The ritual magically assures that the subject’s immune system won’t reject the foreign matter. The subject will be able to eat anything safely: poisons, diseases, sharp things, very hot things, anything that’s small enough to go down the throat or soft enough to chew. The goat stomach processes it into digestible food. However, under the stomach is removed (which requires another Surgeyr roll and causes another 20 damage), the surgery wounds won’t heal and the subject will need to make a Body roll every week to avoid infections.

4 thoughts on “Chirurgeomancy

  1. TedPro says:

    Wasn’t sure whether to post in rituals or adepts, but posted in adepts because I posted two other adept schools today and they all share a theme (pain and violence).

    Saw a lovely school that was starting to decay recently. Thought it’d be cool to try a school that had completely decayed.

    Extrapolated from a big of scientific history (the former forbidden nature of surgery) to a symbolic tension that no longer make sense, and so a school that’s now just a few rituals.

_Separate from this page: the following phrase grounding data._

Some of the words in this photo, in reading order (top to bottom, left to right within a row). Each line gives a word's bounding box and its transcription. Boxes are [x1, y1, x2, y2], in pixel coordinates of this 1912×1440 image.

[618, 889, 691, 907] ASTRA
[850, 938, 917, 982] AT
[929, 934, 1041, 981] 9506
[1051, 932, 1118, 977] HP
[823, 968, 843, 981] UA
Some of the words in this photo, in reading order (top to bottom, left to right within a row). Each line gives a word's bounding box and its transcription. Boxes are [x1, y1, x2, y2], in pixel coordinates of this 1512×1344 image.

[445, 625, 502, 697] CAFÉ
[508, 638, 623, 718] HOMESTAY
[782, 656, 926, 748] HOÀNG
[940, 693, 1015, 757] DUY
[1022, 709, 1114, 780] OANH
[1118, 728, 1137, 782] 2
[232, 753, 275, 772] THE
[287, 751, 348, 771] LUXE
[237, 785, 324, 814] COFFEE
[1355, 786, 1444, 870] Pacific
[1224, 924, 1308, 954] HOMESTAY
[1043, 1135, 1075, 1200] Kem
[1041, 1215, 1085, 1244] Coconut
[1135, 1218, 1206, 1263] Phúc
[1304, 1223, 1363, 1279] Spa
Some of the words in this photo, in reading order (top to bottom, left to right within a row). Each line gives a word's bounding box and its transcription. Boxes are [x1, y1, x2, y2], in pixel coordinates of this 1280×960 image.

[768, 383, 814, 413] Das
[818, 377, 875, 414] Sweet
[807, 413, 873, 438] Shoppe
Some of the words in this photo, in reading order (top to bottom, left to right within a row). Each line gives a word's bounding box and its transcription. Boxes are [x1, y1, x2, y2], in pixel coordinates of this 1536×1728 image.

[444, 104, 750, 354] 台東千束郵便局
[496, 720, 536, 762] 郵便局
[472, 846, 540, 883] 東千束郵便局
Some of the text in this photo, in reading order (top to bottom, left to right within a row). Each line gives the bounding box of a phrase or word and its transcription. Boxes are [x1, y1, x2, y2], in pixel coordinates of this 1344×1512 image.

    I had fun imagining how formulas and charging schemes became harder and harder to use, and required more and more ritual elements.

    Reply
  2. Asarelah says:

    Hmm. Interesting. Perhaps it could be viewed as an offshoot or subschool of Epideromancy? Also, isn’t there still a degree of symbolic tension in the idea of cutting someone open (doing them an injury) in order to heal them?

    Reply
  3. Zompire says:

    I doubt the Tension would be enough to form any more than Minor school anymore, even if that Ive been toying with writeing up a dead school as well maybe i’ll do it now

    Reply
  4. Requiem_Jeer says:

    Only thing I have to say is that the Knife Song ritual would probably do well to have it’s charge cost lowered to 6 or so.